THE VIRGINIAN-PILOT Copyright (c) 1995, Landmark Communications, Inc. DATE: Sunday, July 2, 1995 TAG: 9506300449 SECTION: COMMENTARY PAGE: J1 EDITION: FINAL SOURCE: BY DEBRA GORDON, STAFF WRITER LENGTH: Long : 207 lines
The news was devastating. The Hampton Roads couple were expecting their first child, and medical tests had shown the fetus had a disorder called ``anencephaly.'' If brought to term, it would be born without part of its head, including most of its brain. It would survive a few hours, or perhaps a few days.
The couple, whose names are being withheld to protect their privacy, were shattered. Their moral and religious beliefs wouldn't allow an abortion. So they faced the prospect of delivering a baby they knew wouldn't survive.
There was one ray of hope.
Maybe, the woman said, she and her husband could at least donate its organs so another baby could live?
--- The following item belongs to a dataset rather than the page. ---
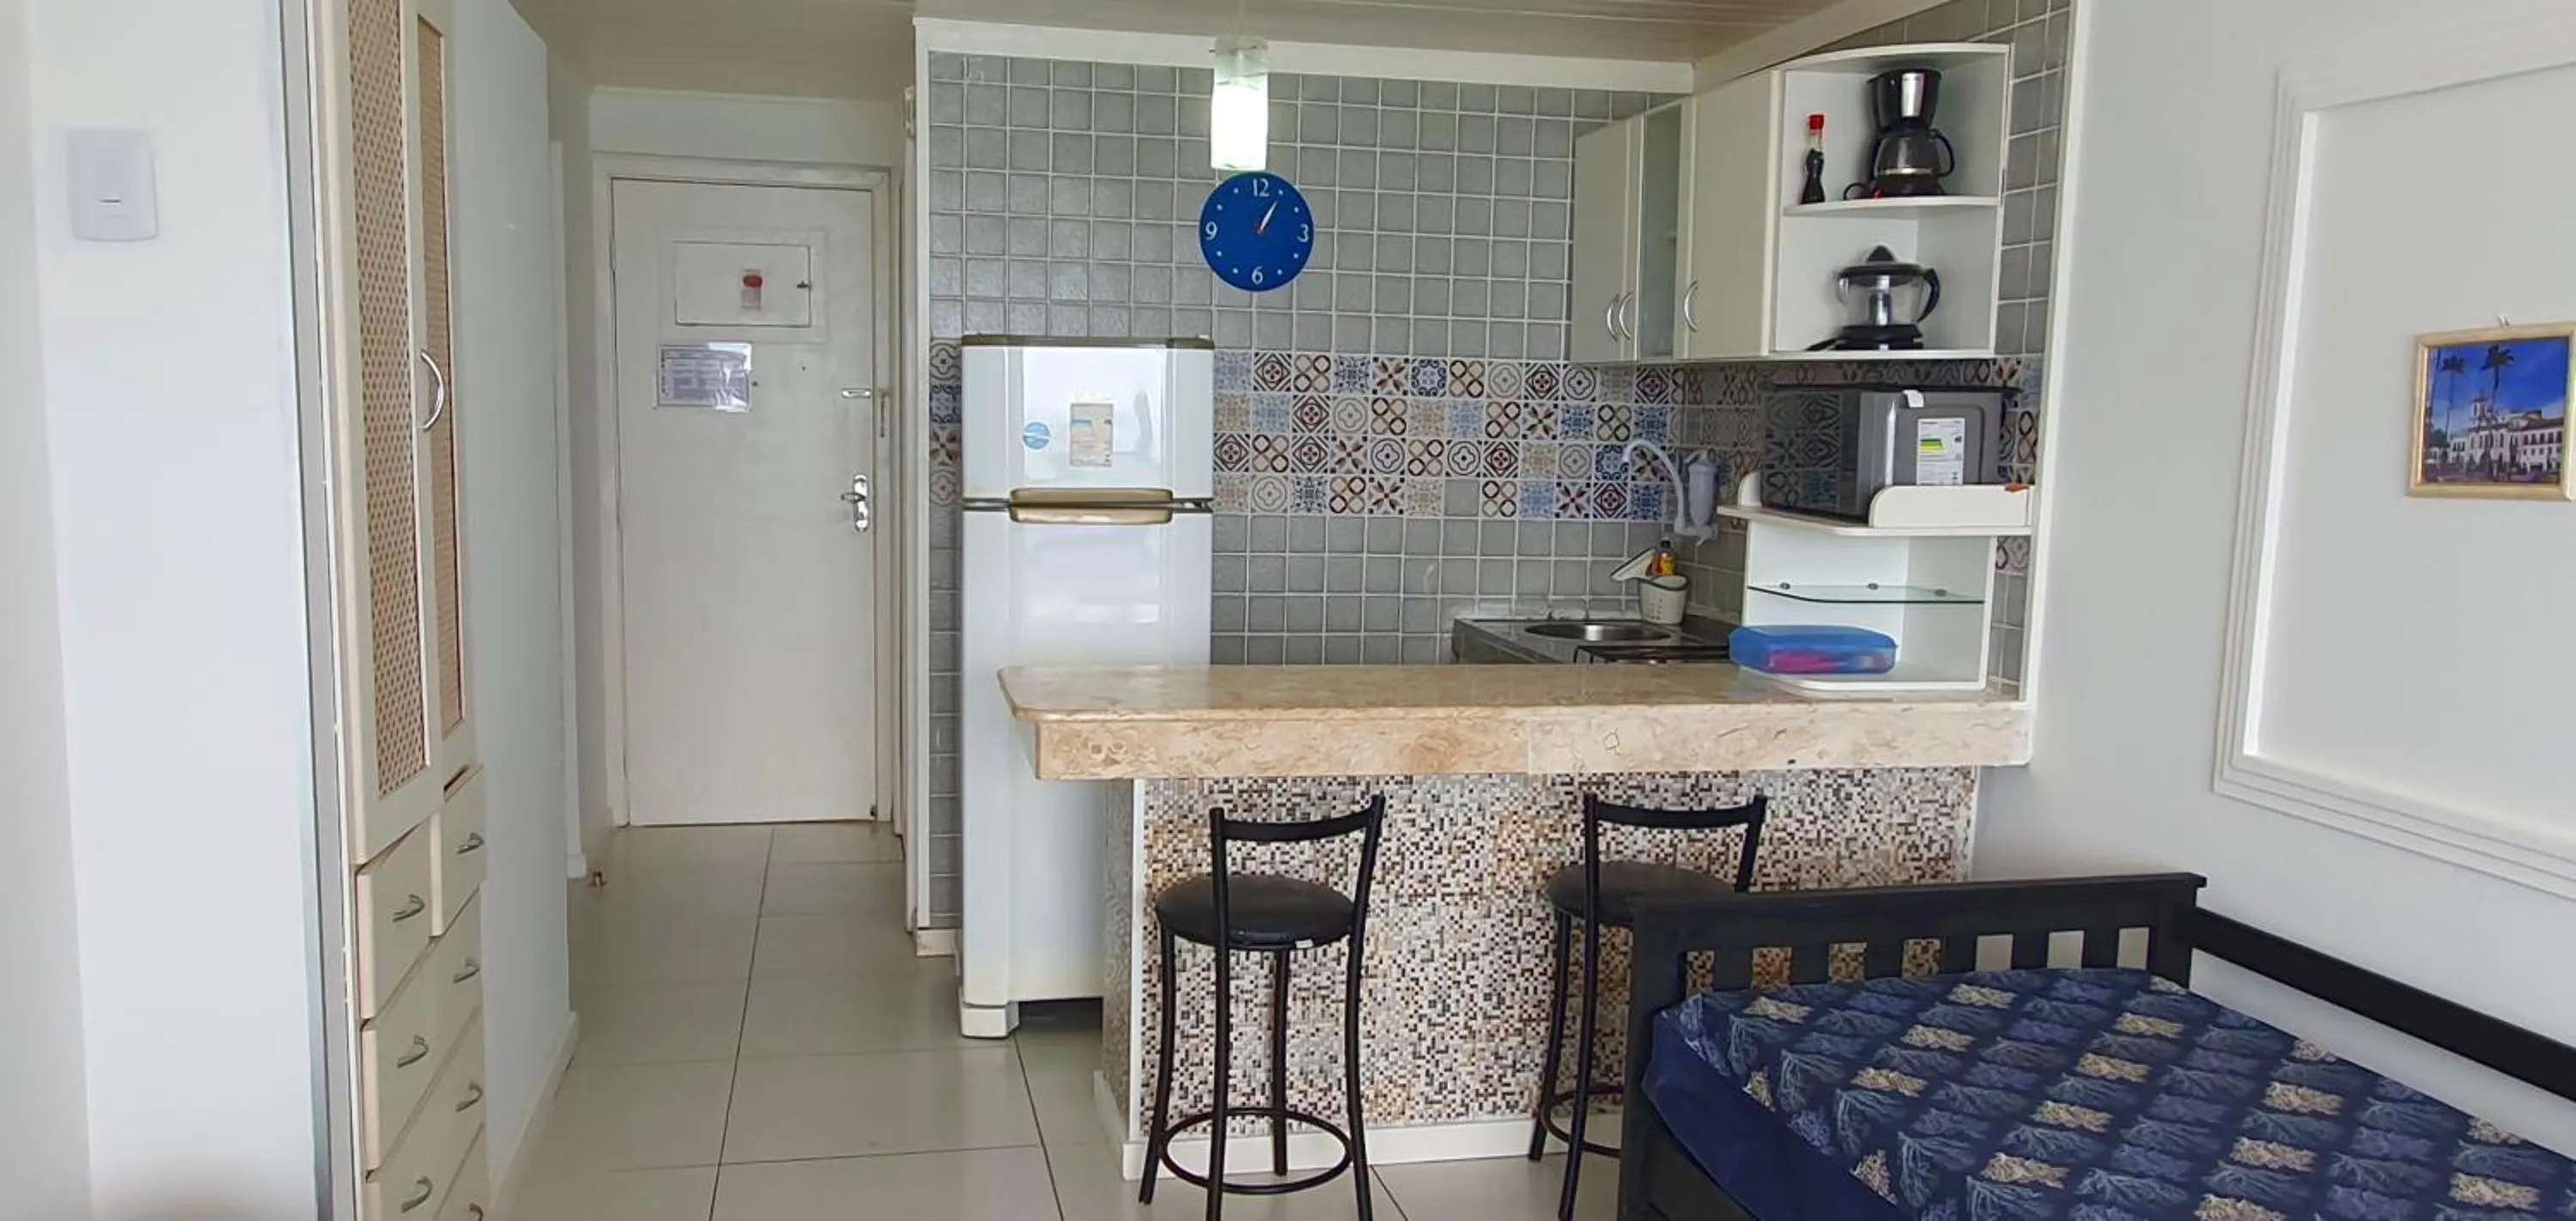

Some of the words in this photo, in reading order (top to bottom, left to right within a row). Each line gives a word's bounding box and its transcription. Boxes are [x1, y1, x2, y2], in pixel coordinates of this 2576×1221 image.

[1253, 178, 1271, 197] 12
[1205, 221, 1218, 240] 9
[1297, 223, 1309, 243] 3
[1251, 265, 1263, 284] 6
But Dr. R. Nathan Slotnick, the obstetrician the couple had consulted, shook his head.
Not allowed, he told them. Under current law, the baby's heart or brain would have to stop first, by which time its organs would have deteriorated beyond use.
For years, Slotnick, director of reproductive genetics at Eastern Virginia Medical School, has thought this law irrational. With more than 1,500 newborns and infants needing heart, liver and kidney transplants in the United States each year, and with the anencephalic baby having no chance of survival, it frustrates him that the organs can't be used.
Now a new position statement from the American Medical Association has reopened debate on the issue. It could lead to a change in laws regarding transplants from anencephalic babies.
In May, the AMA's Council on Ethical and Judicial Affairs said parents of anencephalic newborns should be allowed to donate their children's organs while the children are still clinically alive.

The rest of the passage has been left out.